French neurologist (1853–1940)

Pierre Marie (9 September 1853 – 13 April 1940) was a French neurologist and political journalist close to the SFIO.

== Medical career ==
After finishing medical school, he served as an interne (1878), working as an assistant to neurologist Jean-Martin Charcot (1825–1893) at the Salpêtrière and Bicêtre Hospitals in Paris. In 1883, he received his medical doctorate with a graduate thesis on Basedow’s disease, being promoted to médecin des hôpitaux several years later (1888). In 1907, he attained the chair of pathological anatomy at the Faculty of Medicine, and in 1917 was appointed to the chair of neurology, a position he held until 1925. In 1911, Marie became a member of the Académie de Médecine.

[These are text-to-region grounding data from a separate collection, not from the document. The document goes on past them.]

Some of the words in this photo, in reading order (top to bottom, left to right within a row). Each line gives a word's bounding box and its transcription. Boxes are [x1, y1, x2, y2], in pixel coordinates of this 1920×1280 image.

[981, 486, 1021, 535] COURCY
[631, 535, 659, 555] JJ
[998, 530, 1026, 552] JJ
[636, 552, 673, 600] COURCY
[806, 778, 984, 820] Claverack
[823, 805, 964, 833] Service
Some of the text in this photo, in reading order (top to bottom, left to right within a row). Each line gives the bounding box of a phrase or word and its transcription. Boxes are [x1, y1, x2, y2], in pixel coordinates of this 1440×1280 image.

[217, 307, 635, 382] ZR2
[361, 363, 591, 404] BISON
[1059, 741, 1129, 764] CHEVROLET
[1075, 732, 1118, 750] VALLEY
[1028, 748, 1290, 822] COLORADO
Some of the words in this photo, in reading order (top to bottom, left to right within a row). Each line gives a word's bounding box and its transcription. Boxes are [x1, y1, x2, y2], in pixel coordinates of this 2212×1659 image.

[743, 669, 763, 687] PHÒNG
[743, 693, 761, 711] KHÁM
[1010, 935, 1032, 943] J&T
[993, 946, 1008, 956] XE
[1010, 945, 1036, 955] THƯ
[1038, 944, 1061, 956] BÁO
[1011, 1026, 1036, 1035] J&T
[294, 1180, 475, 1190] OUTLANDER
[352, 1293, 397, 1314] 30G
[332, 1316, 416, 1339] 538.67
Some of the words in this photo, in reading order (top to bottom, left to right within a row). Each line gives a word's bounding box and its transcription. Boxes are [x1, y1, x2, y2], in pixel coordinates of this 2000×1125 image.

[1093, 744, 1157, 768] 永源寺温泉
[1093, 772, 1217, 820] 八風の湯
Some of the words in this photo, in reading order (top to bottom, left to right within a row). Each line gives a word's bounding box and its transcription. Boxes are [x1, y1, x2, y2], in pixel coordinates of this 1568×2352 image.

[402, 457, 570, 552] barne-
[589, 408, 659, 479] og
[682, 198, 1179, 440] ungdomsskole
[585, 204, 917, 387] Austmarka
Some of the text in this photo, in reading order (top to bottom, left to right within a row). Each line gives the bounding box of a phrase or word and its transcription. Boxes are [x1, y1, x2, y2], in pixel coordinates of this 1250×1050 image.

One of Marie's earlier contributions was a description of a disorder of the pituitary gland known as acromegaly. His analysis of the disease was an important contribution to the emerging field of endocrinology. Marie is also credited as the first to describe pulmonary hypertrophic osteoarthropathy, cleidocranial dysostosis and rhizomelic spondylosis. In his extensive research on aphasia, his views concerning language disorders sharply contrasted with the generally accepted views of Paul Broca (1824–1880). In 1907, he was the first person to describe the speech production disorder of foreign accent syndrome.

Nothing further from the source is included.